Supplied entries below:
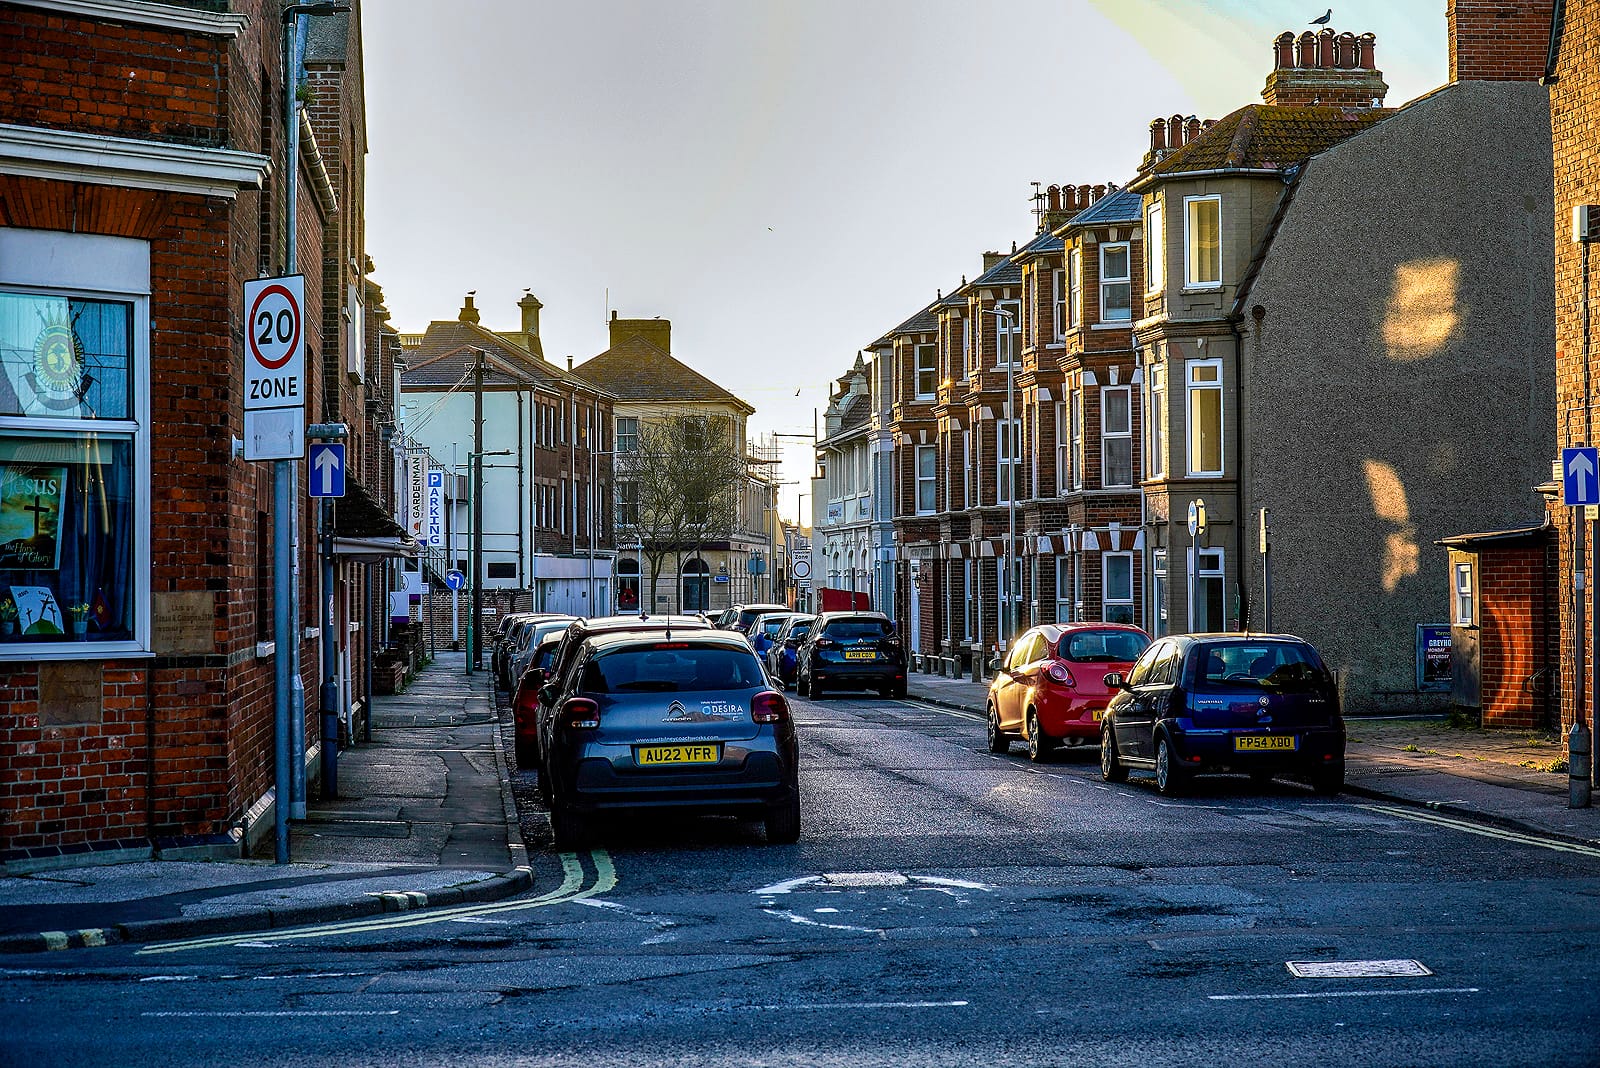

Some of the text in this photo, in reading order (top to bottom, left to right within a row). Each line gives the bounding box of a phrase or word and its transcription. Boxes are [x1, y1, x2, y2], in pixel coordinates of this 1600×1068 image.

[257, 308, 294, 346] 20
[250, 376, 298, 400] ZONE
[8, 477, 57, 498] Jesus
[412, 457, 421, 519] GARDENMAN
[430, 475, 439, 544] PARKING
[712, 704, 744, 713] DESIRA
[1239, 737, 1268, 748] FP54
[646, 747, 712, 762] AU22 YFR
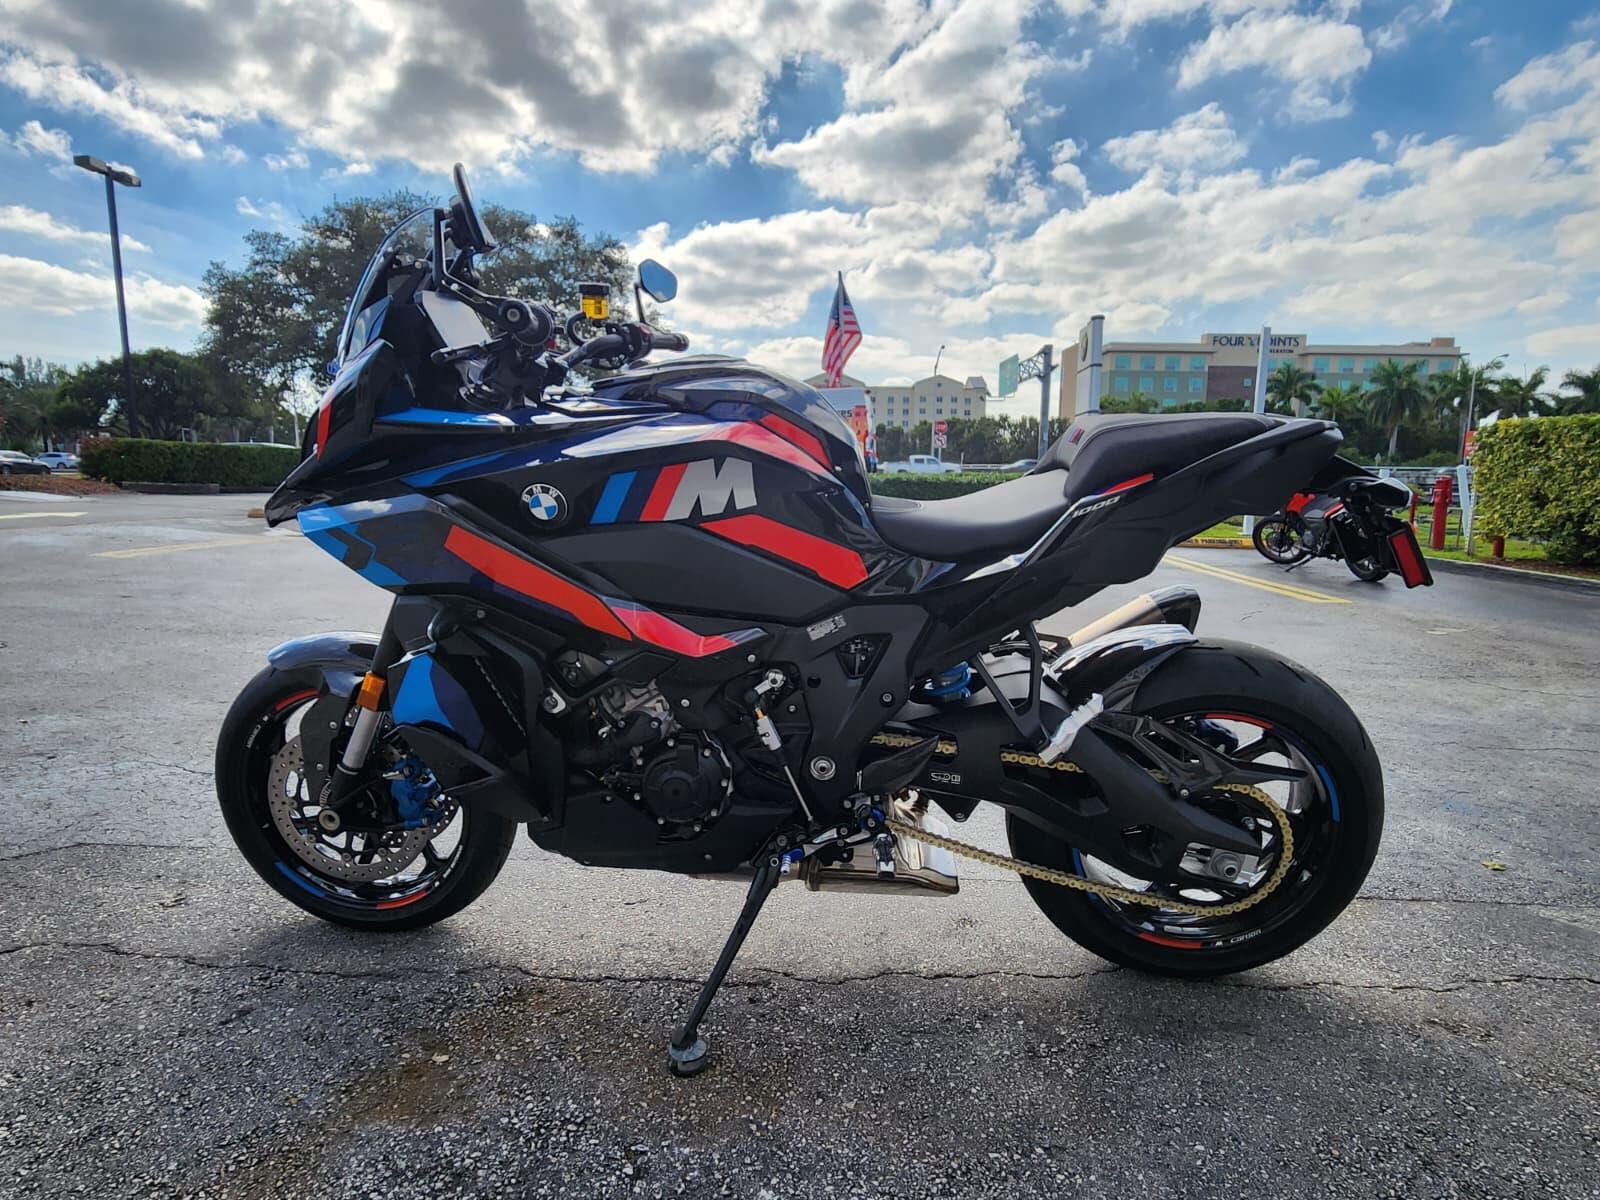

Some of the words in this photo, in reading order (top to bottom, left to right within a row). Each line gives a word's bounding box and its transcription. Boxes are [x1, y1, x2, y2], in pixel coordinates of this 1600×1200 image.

[1212, 335, 1244, 347] FOUR
[1257, 335, 1300, 347] INTS
[521, 485, 560, 503] BMW
[662, 456, 758, 521] M
End of Supplied entries.
* The task:
All of the data must be set down exactly, with no pictures included.

* Reply to the exercise:
Some of the text in this photo, in reading order (top to bottom, left to right within a row). Each line gives the bounding box of a phrase or word and its transcription. Boxes are [x1, y1, x2, y2], in pixel coordinates of this 1600×1068 image.

[257, 308, 294, 346] 20
[250, 376, 298, 400] ZONE
[8, 477, 57, 498] Jesus
[412, 457, 421, 519] GARDENMAN
[430, 475, 439, 544] PARKING
[712, 704, 744, 713] DESIRA
[1239, 737, 1268, 748] FP54
[646, 747, 712, 762] AU22 YFR

Some of the words in this photo, in reading order (top to bottom, left to right within a row). Each line gives a word's bounding box and its transcription. Boxes are [x1, y1, x2, y2], in pixel coordinates of this 1600×1200 image.

[1212, 335, 1244, 347] FOUR
[1257, 335, 1300, 347] INTS
[521, 485, 560, 503] BMW
[662, 456, 758, 521] M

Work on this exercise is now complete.